Within this processing of information (or responding behaviorally to the public health message reinforcements), the mutual entailment, combinatorial entailment, and transfer of function tie the information together in complex networks within people's brains, and we are now beginning to predictively model using artificial intelligence approaches how the public may respond. Messages which do not work, as they do not exploit behavioral principles may lead to the public not following them, ultimately harming or even contributing to the death of individuals (e.g., anti-vax behavior). Messages which do follow these basic principles may save lives.
References
[1] Tversky, A., & Kahneman, D. (1974). Judgment under uncertainty: Heuristics and biases. Science, 185(4157), 1124-1131.
[2] Tversky, A., & Kahneman, D. (1981). The framing of decisions and the psychology of choice. Science, 211(4481), 453-458.
[3] Tversky, A., & Kahneman, D. (1986). Judgment under uncertainty: Heuristics and biases. Judgment and decision making: An interdisciplinary reader, 38-55.

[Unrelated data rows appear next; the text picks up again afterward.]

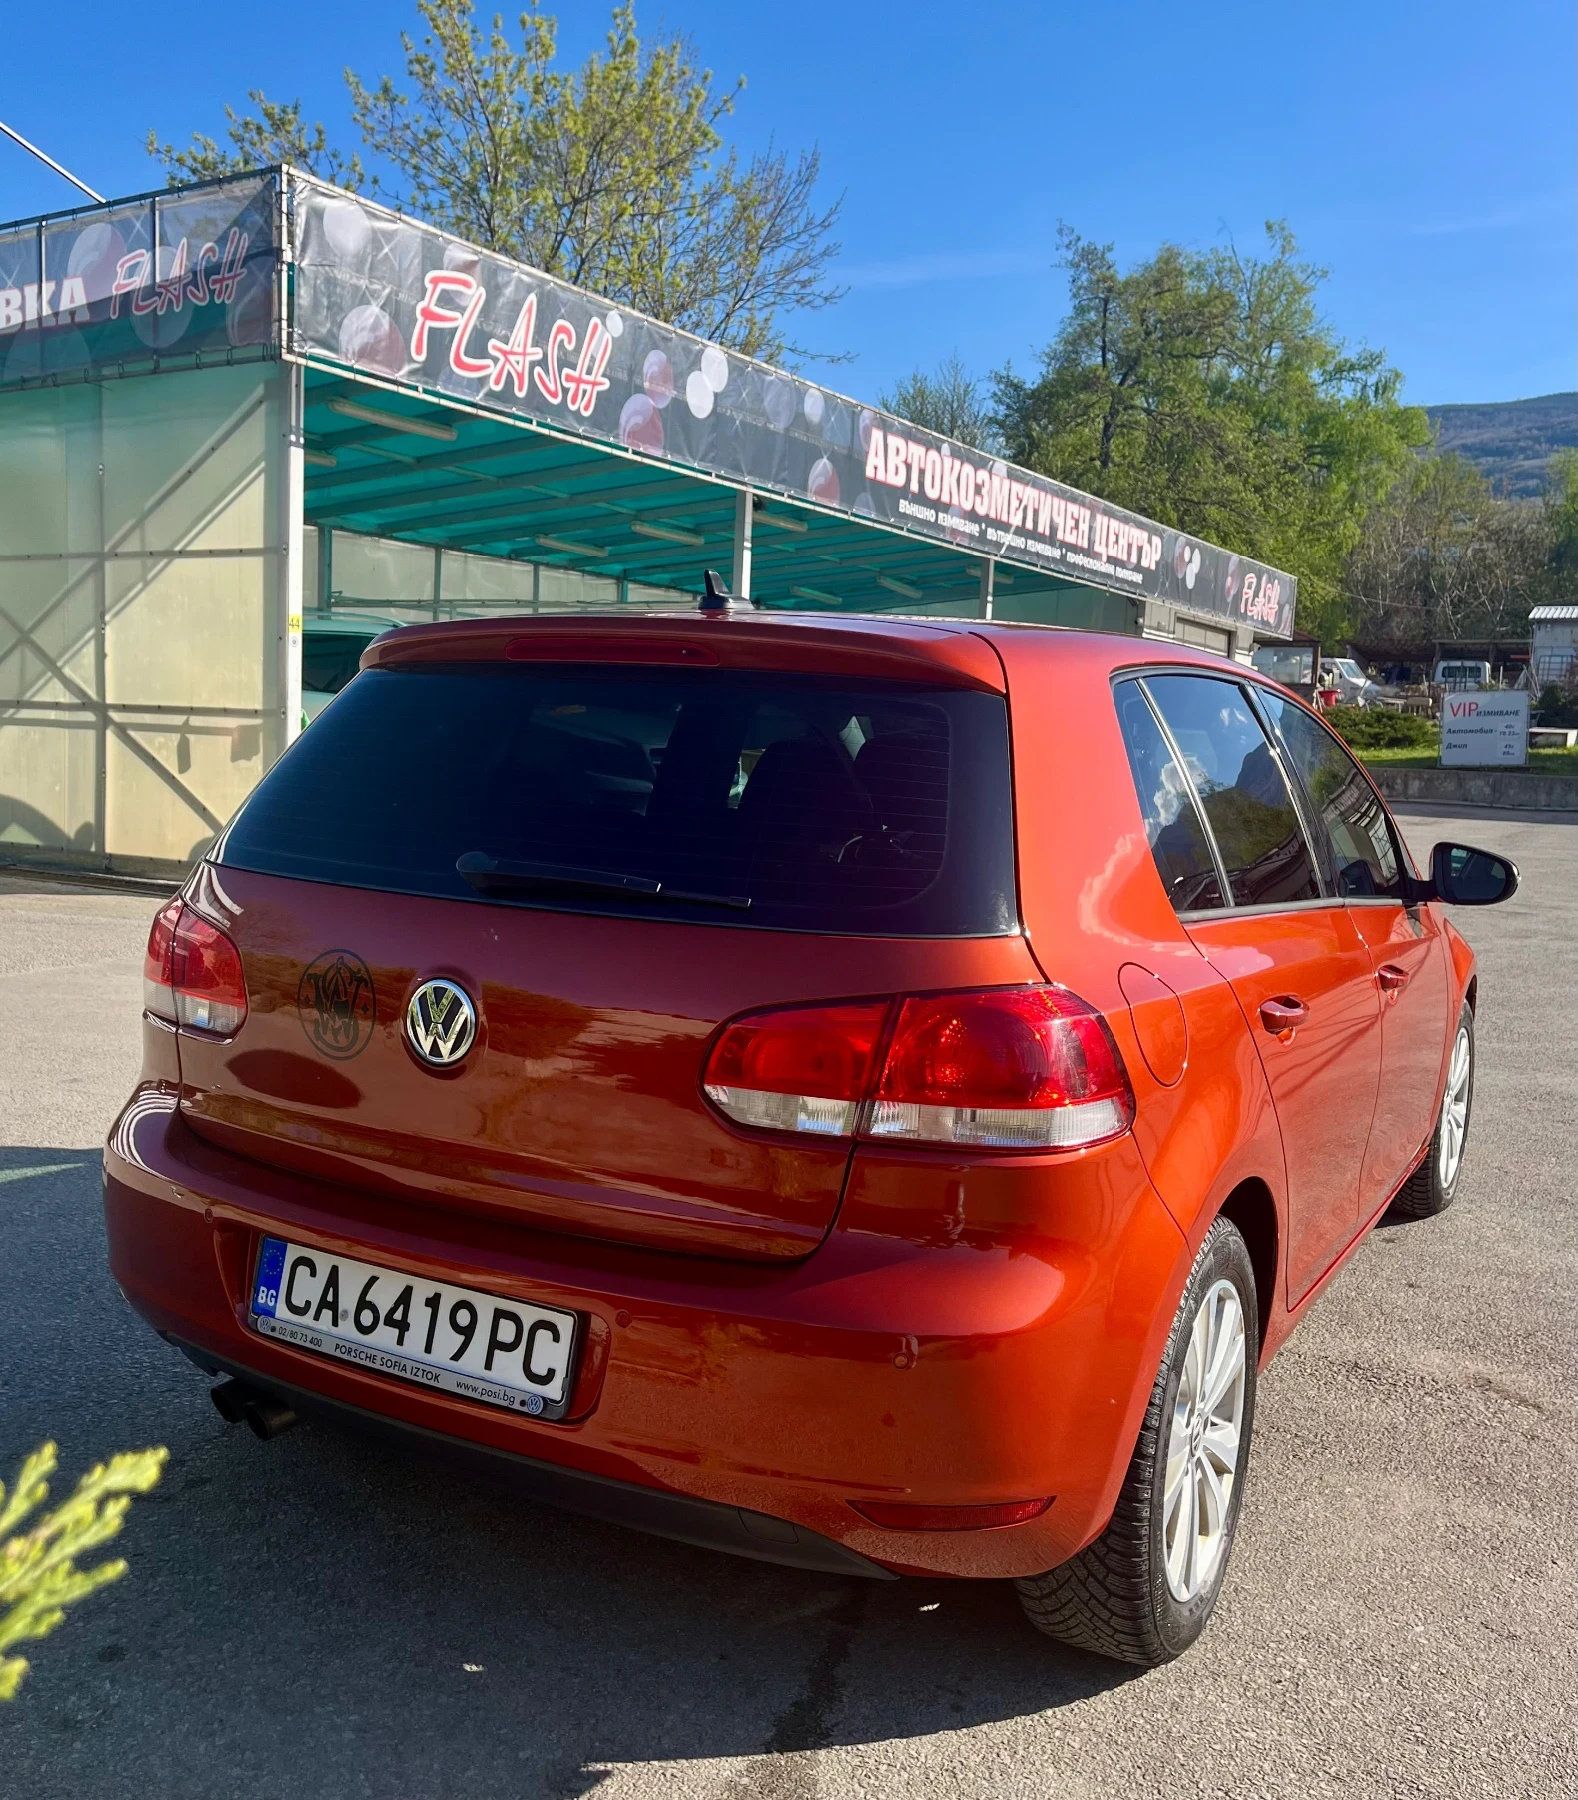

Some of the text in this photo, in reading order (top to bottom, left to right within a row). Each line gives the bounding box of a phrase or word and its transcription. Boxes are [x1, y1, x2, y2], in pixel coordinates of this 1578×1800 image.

[111, 227, 249, 319] FLASH
[410, 270, 612, 416] FLASH
[864, 426, 1091, 547] АВТОКОЗМЕТИЧЕН
[1094, 512, 1162, 571] ЦЕНТЪР
[1449, 702, 1479, 717] VIP
[257, 1286, 277, 1307] BG
[354, 1275, 479, 1362] 6419
[300, 1333, 308, 1343] 73
[309, 1337, 323, 1348] 400
[334, 1343, 377, 1365] PORSCHE
[379, 1356, 408, 1374] SOFIA
[410, 1366, 441, 1384] IZTOK
[456, 1379, 516, 1406] www.posi.bg

[4] Harrington, N. G., & Kerr, A. M. (2017). Rethinking risk: Prospect theory application in health message framing research. Health communication, 32(2), 131-141.
[5] Micalizzi, L., Zambrotta, N. S., & Bernstein, M. H. (2021). Stockpiling in the time of COVID‐19.British Journal of Health Psychology, 26(2), 535-543.

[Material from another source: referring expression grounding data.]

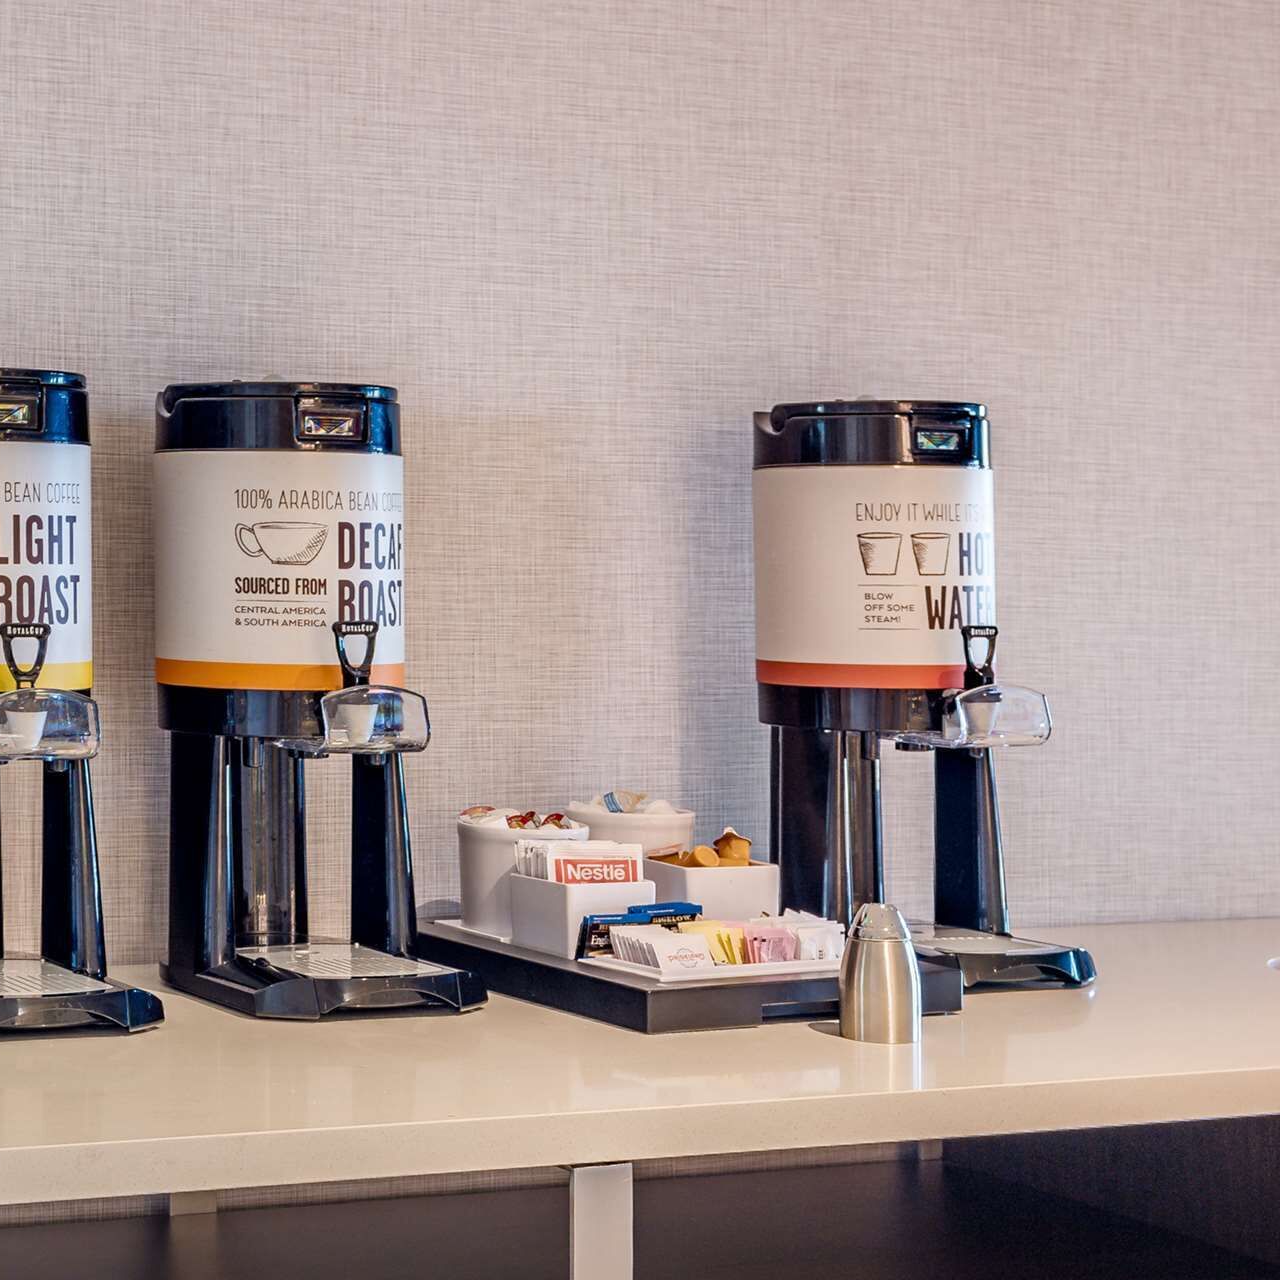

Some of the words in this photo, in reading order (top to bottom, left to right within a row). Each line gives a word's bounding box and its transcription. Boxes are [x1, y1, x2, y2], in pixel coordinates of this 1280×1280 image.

[4, 482, 41, 504] BEAN
[46, 483, 81, 504] COFFEE
[234, 488, 272, 510] 100%
[278, 489, 344, 511] ARABICA
[349, 490, 378, 512] BEAN
[855, 502, 901, 522] ENJOY
[907, 503, 919, 522] IT
[922, 503, 961, 522] WHILE
[234, 576, 290, 595] SOURCED
[295, 577, 328, 596] FROM
[338, 579, 402, 627] ROAST
[864, 592, 894, 601] BLOW
[234, 605, 281, 615] CENTRAL
[282, 606, 327, 616] AMERICA
[864, 604, 885, 612] OFF
[887, 604, 916, 612] SOME
[234, 618, 242, 627] &
[244, 618, 280, 627] SOUTH
[281, 619, 328, 628] AMERICA
[864, 615, 902, 623] STEAM!

[6] Briscese, G., Lacetera, N., Macis, M., & Tonin, M. (2020). Expectations, reference points, and compliance with COVID-19 social distancing measures: National Bureau of Economic Research.
[7] Edwards, D. J. (2021). Ensuring effective public health communication: Insights and modelling efforts from theories of behavioral economics, heuristics, and behavioral analysis for decision making under risk. Frontiers in Cognitive Science.
[8] Fiedler, K., & von Sydow, M. (2015). Heuristics and biases: Beyond Tversky and Kahneman’s (1974) judgment under uncertainty. Cognitive psychology: Revisiting the classical studies, 103(3), 1 46-161
[9] Pearl, J. (2009). Causality: Cambridge university press.